820s: Algebra

Algebra is the study of mathematics by using a combination of symbols and values and the rules for manipulating those symbols and values. In its most basic form, it involves using equations to find the unknown. Linear equations, the quadratic formula, functions, and much more are all familiar examples of algebra. Algebra became recognized as a separate branch of mathematics thanks to work of the Persian mathematician Muhammad ibn Musa al-Khwarizmi

The Roots of Algebra

The Quadratic Formula with Examples
The Quadratic Formula with Examples
(Credit: www.onlinemathlearning.com)

This history of any field of mathematics rides on a curvy road. This is no-less true for algebra. The roots of algebra can be traced back to Babylonian and Greek mathematics, at least 2000 BCE.  We have evidence of stone tablets from Babylonian mathematicians who were hitting on the same ideas of algebra. The representation was not the same and the symbols they used were unique to their culture, but the fundamental spirit of algebra is evident. The Babylonians used complex arithmetic methods to solve modern algebraic problems. The Egyptians also worked with algebraic ideas but they were much less advanced that the Babylonians and did not advance much past solving linear equations.

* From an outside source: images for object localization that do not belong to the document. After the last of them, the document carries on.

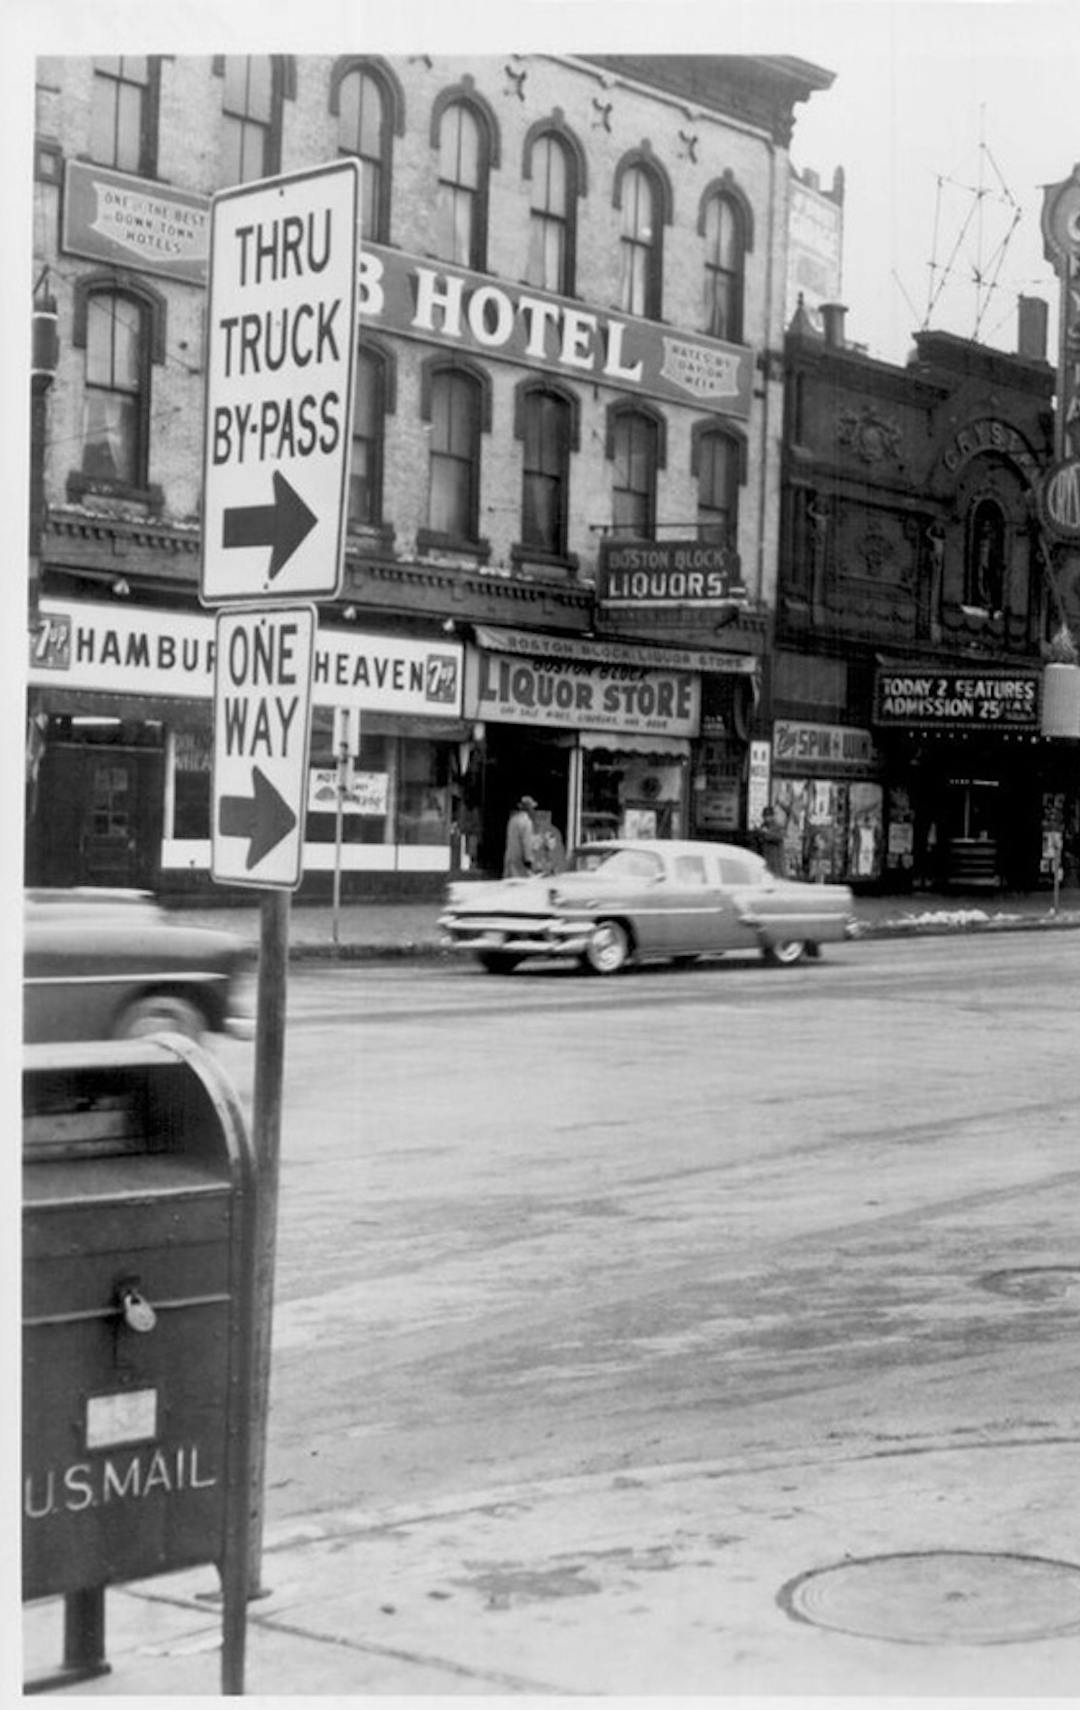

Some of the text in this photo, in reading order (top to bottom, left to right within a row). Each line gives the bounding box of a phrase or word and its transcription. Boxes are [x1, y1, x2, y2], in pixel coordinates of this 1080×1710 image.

[105, 192, 128, 208] ONE
[175, 209, 206, 227] BEST
[126, 230, 181, 254] HOTELS
[235, 208, 332, 286] THRU
[220, 299, 341, 376] TRUCK
[411, 266, 644, 382] HOTEL
[213, 391, 340, 466] BY-PASS
[608, 549, 725, 570] BOSTON BLOCK
[608, 572, 722, 598] LIQUORS
[229, 624, 298, 686] ONE
[314, 652, 423, 691] HEAVEN
[508, 636, 574, 654] BOSTON
[582, 644, 633, 661] BLOCK
[479, 653, 693, 720] LIQUOR STORE
[881, 697, 975, 717] ADMISSION
[882, 678, 1036, 700] TODAY 2 FEATURES
[224, 697, 299, 758] WAY
[103, 1445, 217, 1501] MAIL
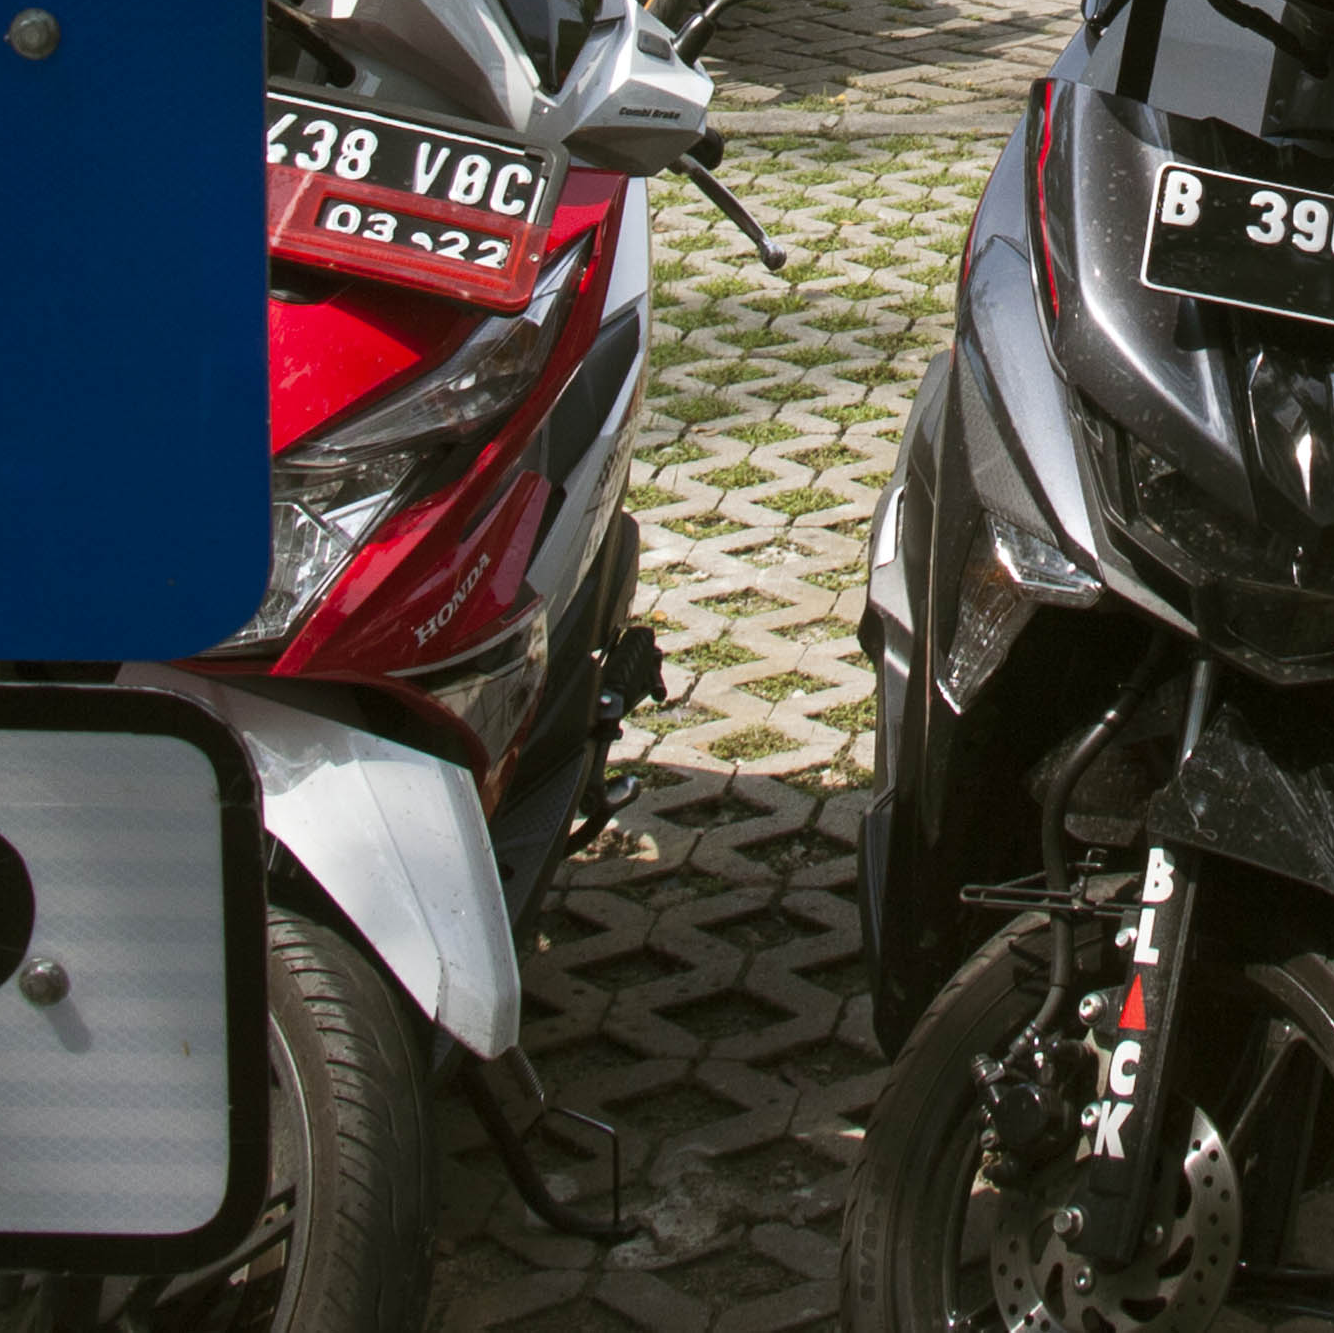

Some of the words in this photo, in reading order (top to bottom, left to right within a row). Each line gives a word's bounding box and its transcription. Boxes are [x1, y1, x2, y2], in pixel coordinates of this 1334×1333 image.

[652, 109, 681, 120] Brake
[1160, 170, 1203, 227] B
[414, 553, 490, 648] HONDA

The next big reservoir of algebraic thought came courteous of the Greek mathematicians, in particular a person named Diophantus of Alexandria. Diophantus lived in Alexandria, Egpyt in the 3rd century. Little is known of his life except his works and his age. He authored a thirteen book series titled Arithmetica that unfortunately has not survived in its full form. The portions that have survived show algebraic equations being solved. Diophantus and the Greeks devised a system of geometric algebra, using squares to solve for equations. 

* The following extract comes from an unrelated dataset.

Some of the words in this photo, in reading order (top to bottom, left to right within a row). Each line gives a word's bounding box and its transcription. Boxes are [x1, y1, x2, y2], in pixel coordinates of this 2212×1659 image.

The Indian mathematician Brahmagupta was another person who influenced the development of algebra. Brahmagupta lived during the 7th century in northwest India. He wrote many influential works with a focus on mathematics and astronomy. His most famous work, Brahmasphutasiddhanta, provided solutions to linear and quadratic equations and is one of the earliest known texts to treat zero as a number. Much of his work moved from India the the Middle East, and was not known by Western Europe until many centuries later.

The Compendious Book on Calculation by Completion and Balancing

The Compendious Book on Calculation by Completion and Balancing
The Compendious Book on Calculation by Completion and Balancing

These earlier systems, especially the Greek and Indian, provided the inspiration for Persian mathematician al-Khwarizmi. Al-Khwarizmi was born in 780 and fortunate enough to have studied and worked in the House of Wisdom in Baghdad. The House of Wisdom was an enormous library and a major intellectual center of the time. In the 820s he wrote The Compendious Book on Calculation by Completion and Balancing, forming the foundation of algebra and establishing it as an independent discipline from arithmetic and geometry. 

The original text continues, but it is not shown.